Saubere Städte, wunderschöne Natur, hohes Bruttoinlandseinkommen: was braucht man mehr zum Glück? Offenbar fehlt doch was. Denn: die Schweiz belegt laut Uno-Drogenbericht 2007 Spitzenplätze beim internationalen Drogenverbrauch. Bei einem neuartigen Verfahren konnten aufgrund von Abwasserwerten Schlüsse über den Kokainverbrauch von Großstädten gezogen werden. Sowohl Zürich als auch St.-Moritz sind unter den ersten zehn. Basel hat es immerhin auf Platz 12 der Drogengiganten geschafft.

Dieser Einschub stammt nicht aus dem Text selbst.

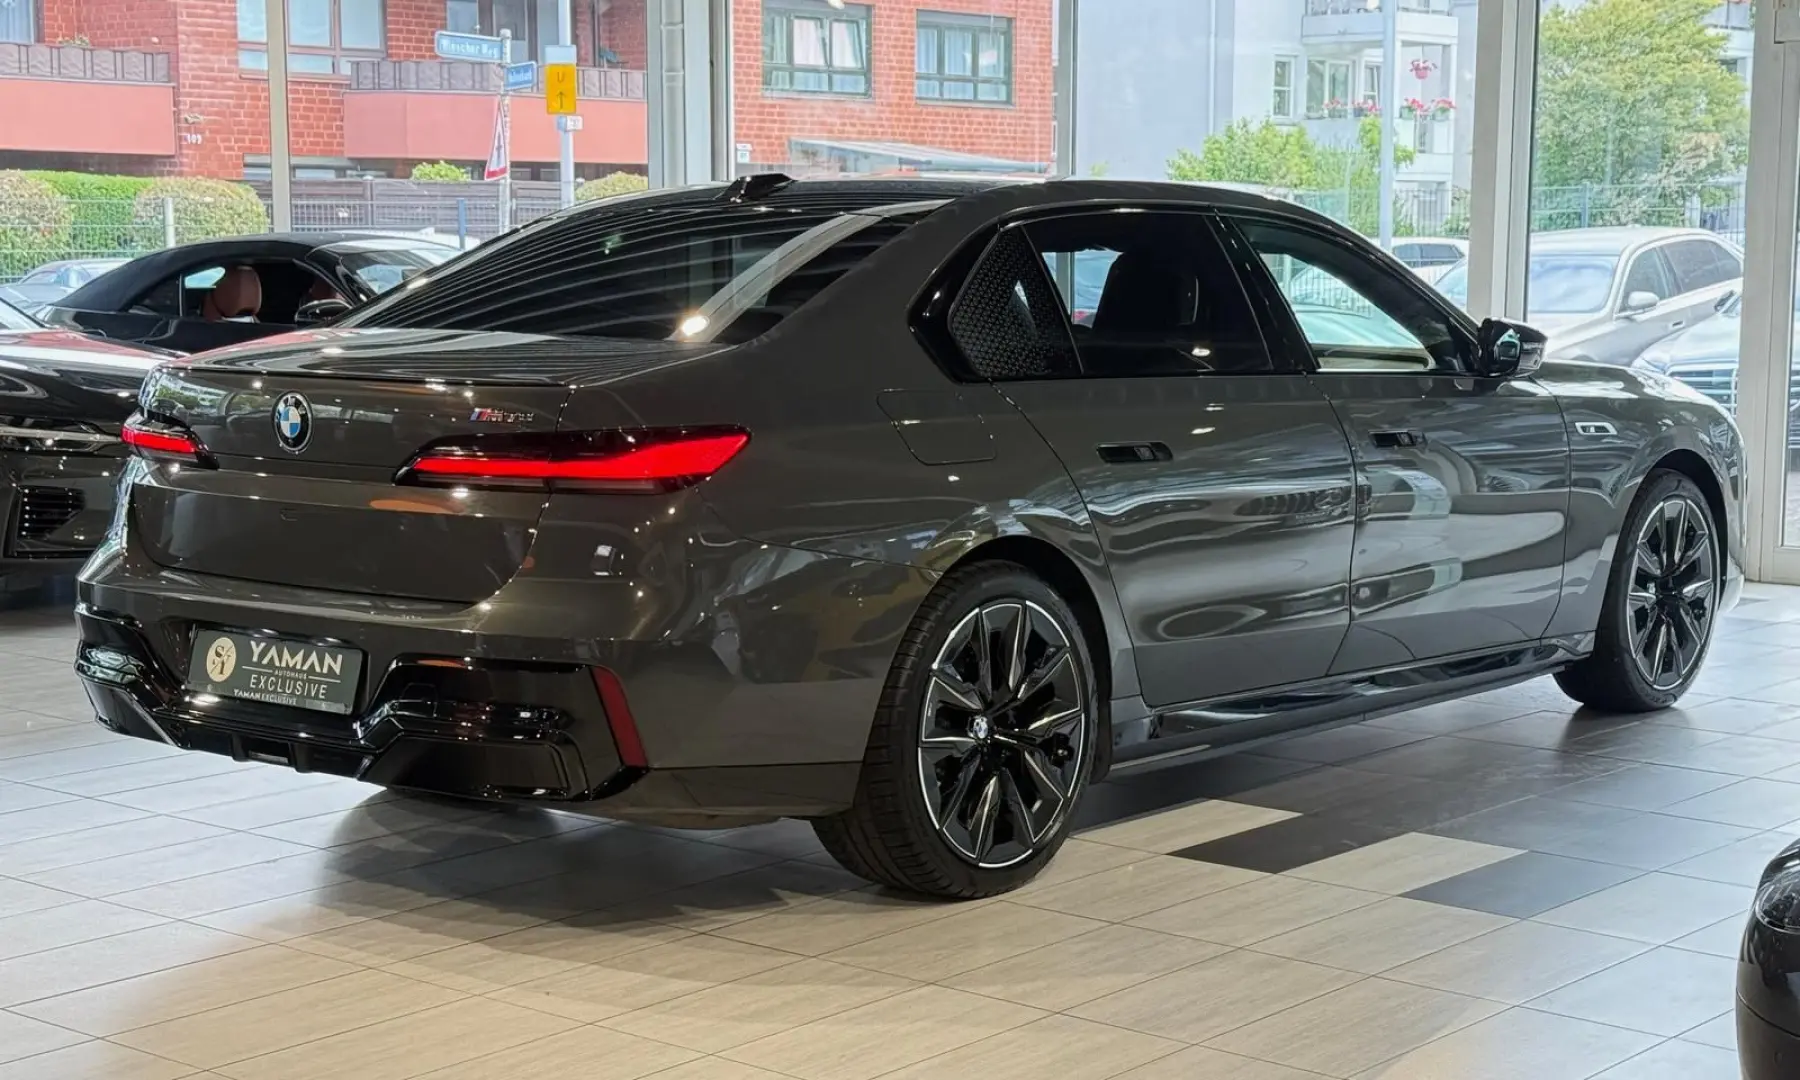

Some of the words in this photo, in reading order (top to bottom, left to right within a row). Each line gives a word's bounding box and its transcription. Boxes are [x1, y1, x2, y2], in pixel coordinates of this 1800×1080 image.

Die Drogen sind unverändert auf Siegeszug in Europa, dem arbeitswütigen Hobbitparadies der Mittelerde, wo die Wirtschaft boomt und die Gesellschaft innerlich zerfressen ist. Auch USA, das Land der unbegrenzten Möglichkeiten, ist Spitzenreiter des Drogenkonsums: beim gleichen Drogentest des Abwassers liegt New York beim Kokainverbrauch mit Abstand an erster Stelle. Dabei ist Antonio Mario Costa, der Vorsitzende der UNO-Drogen-Kommission, mit den Ergebnissen des Drogenberichts relativ zufrieden: denn zumindest stagniert der Drogenkonsum - er stagniert, weil die zivilisierte Welt sich fest entschlossen hat, den Drogen Einhalt zu gebieten. Durch Polizeiaktionen konnte weltweit um die Hälfte der geschmuggelten Drogen beschlagnahmt werden; durch breit angelegte Aufklärung, Beratung und Behandlung versuchen die Regierungen, den Süchtigen zu helfen und Neuzugang auf dem Drogenmarkt zu verhindern.
Dennoch bleibt der Drogenkonsum gleich. Kaum wurde die Drogenproduktion im Goldenen Dreieck weitgehend zurückgedrängt, steigt Afganistan zum Global Player auf dem Drogenmarkt auf: dort werden heute um die 92% der gesamten Heroinmenge hergestellt. Verbissen versucht die Welt, die Metastasen eines riesigen Krebsgeschwüres abzuschneiden, und sieht zu, wie an ihren Stellen sofort neue nachwachsen.
Dabei sind die Drogen der Menschheit seit über 6000 Jahren bekannt. Doch noch nie war das Ausmaß ihrer Benutzung so allumfassend und so verheerend. Es scheint, als wolle die Menschheit sich einfach ins Vergessen stürzen - gerade an denjenigen Orten der Erde, wo der Wohlstand stabil und alles zu haben ist. Doch gerade da, wo alle Wünsche erfüllt sind, bleibt die größte Leere zurück. Dort, wo die Menschheit alles erreicht hat und sich in allem getäuscht hat, will sie nur noch vergessen. Den Tag, der gerade noch überstanden ist, und das Leben, das nichts mehr zu bieten hat.
Das westliche Wunderland ist an einem Punkt angelangt, an dem es in nichts mehr Sinn sieht, und an dem pubertierende Jugendliche bereits so alt sind wie die Welt, die ihnen keine Erfüllung mehr verspricht. Doch für die Zukunft von Drogen darf man ruhig schwarzsehen. Denn irgendwann werden Drogen nicht mehr reichen. Denn, wie Prof. Michael Laitman, Kabbalist und Erkenntniswissenschaftler in einem Interview der jungen Zeitung „Totalglobal“ sagte, wird das Leid irgendwann an die eigene Haustür klopfen; der Mensch wird keine Kraft mehr haben, morgens aufzustehen, will ihm der Sinn fehlt. Der Sinn für das Ganze. Und dieser Mensch wird nicht mehr zu Drogen greifen, sondern nach einer wahren, dauerhaften Lösung suchen. Und sie finden.